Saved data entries
________________

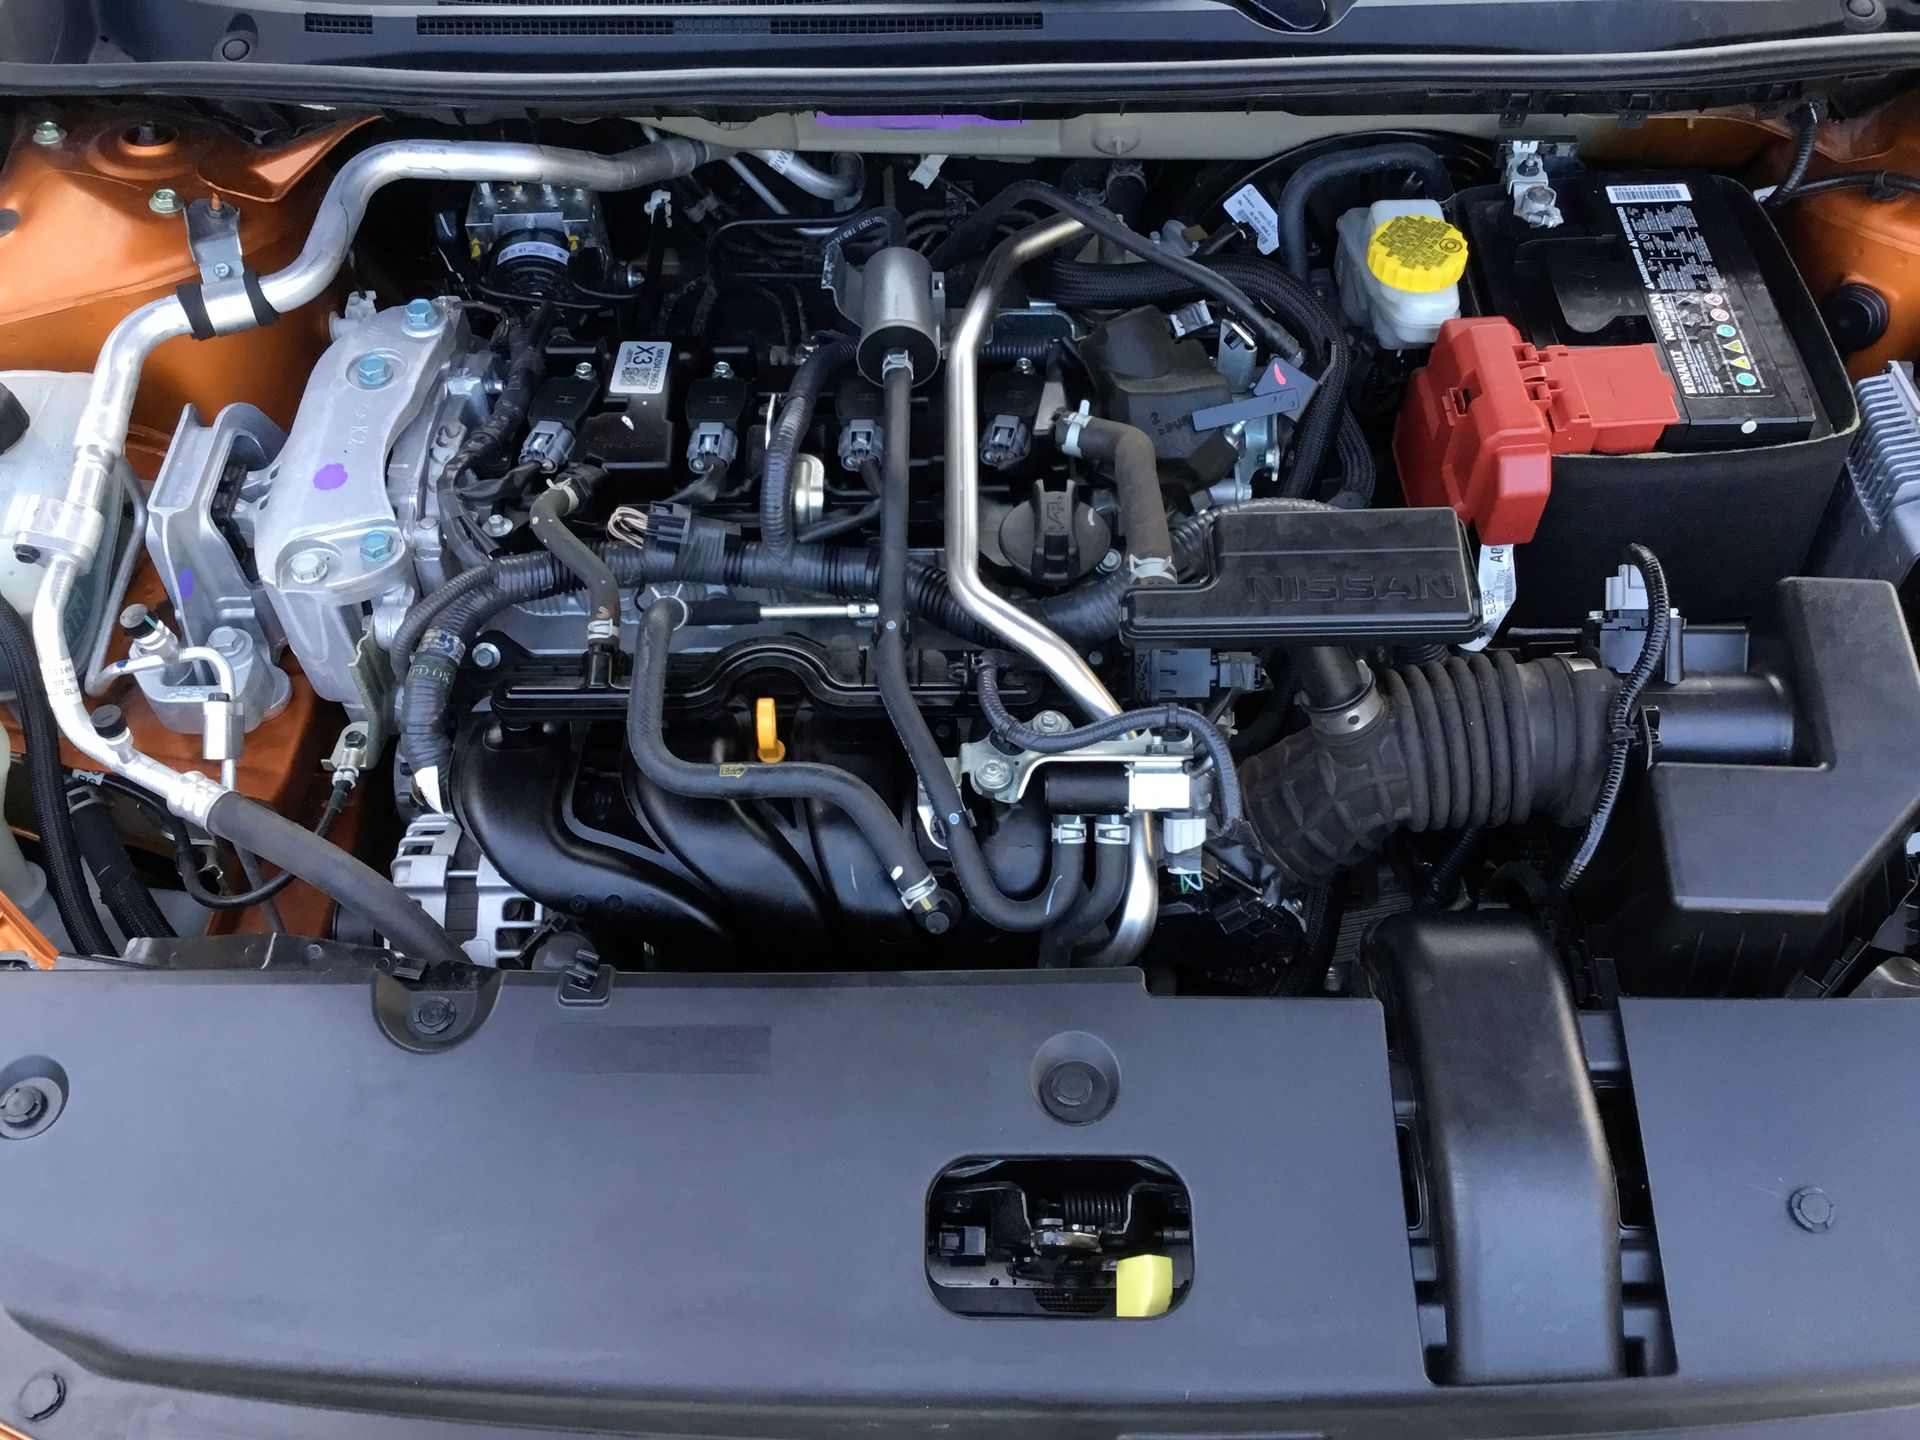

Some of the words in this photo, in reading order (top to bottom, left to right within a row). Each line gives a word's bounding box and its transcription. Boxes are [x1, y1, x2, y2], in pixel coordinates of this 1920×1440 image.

[1649, 293, 1677, 341] NISSAN
[633, 345, 656, 365] X3
[1669, 349, 1698, 394] RENAULT
[1246, 572, 1457, 602] NISSAN
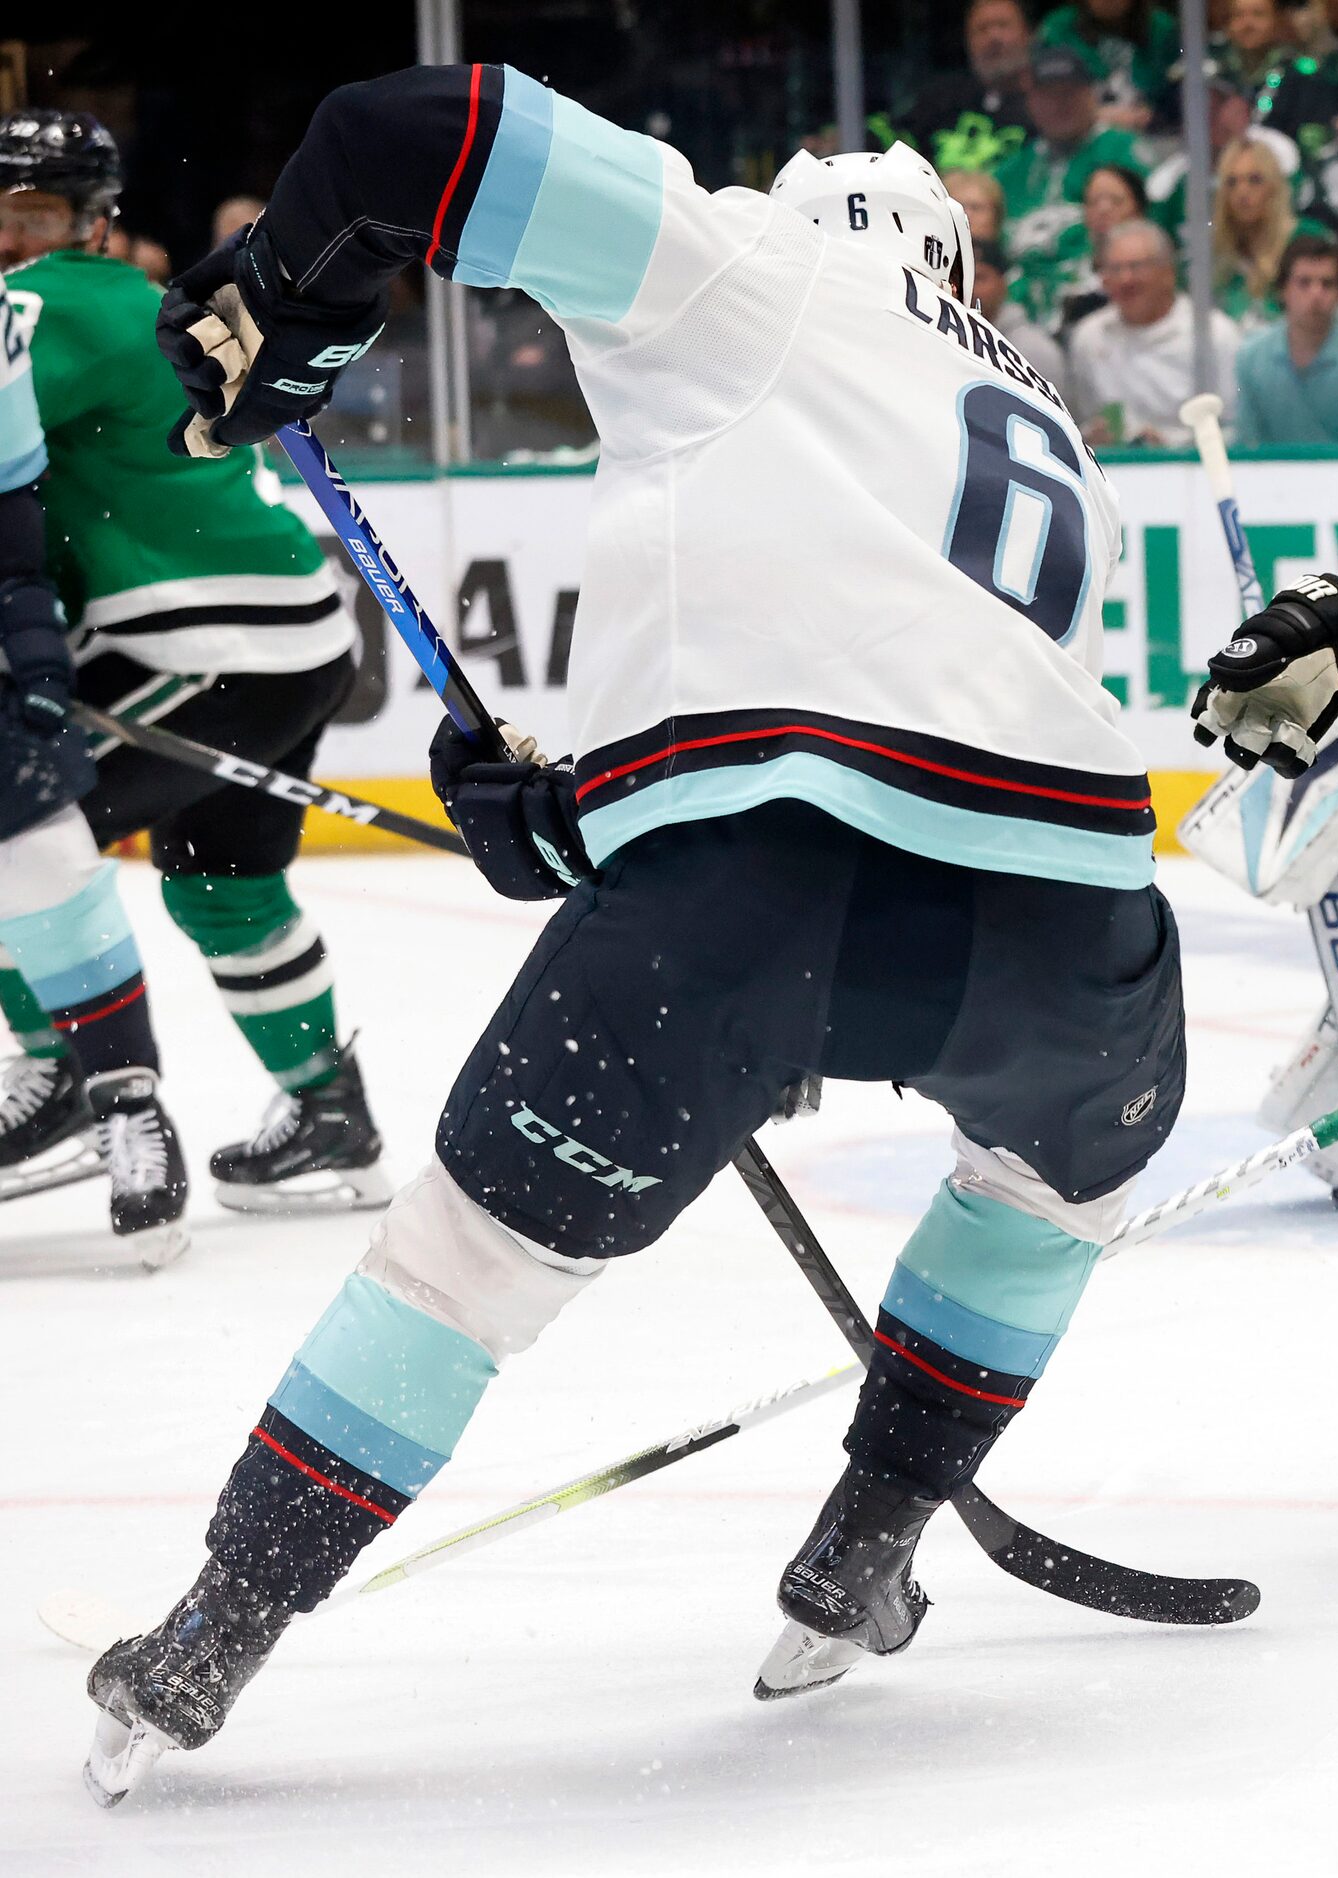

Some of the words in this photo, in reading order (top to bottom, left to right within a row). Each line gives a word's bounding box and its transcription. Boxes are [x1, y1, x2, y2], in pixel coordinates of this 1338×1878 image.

________________

Aim of the exercise: Drop the pictures and reproduce the rest of the data exactly.

Task solution:
Some of the words in this photo, in reading order (top to bottom, left to right within a row). Each line gives a word's bounding box and its transcription. Boxes are [x1, y1, x2, y2], in pixel coordinates of this 1920×1440 image.

[1649, 293, 1677, 341] NISSAN
[633, 345, 656, 365] X3
[1669, 349, 1698, 394] RENAULT
[1246, 572, 1457, 602] NISSAN

Some of the words in this photo, in reading order (top to bottom, left to right within a row). Each line gives a word's bounding box and its transcription. Boxes are [x1, y1, x2, y2], in pixel coordinates of this 1338×1878 image.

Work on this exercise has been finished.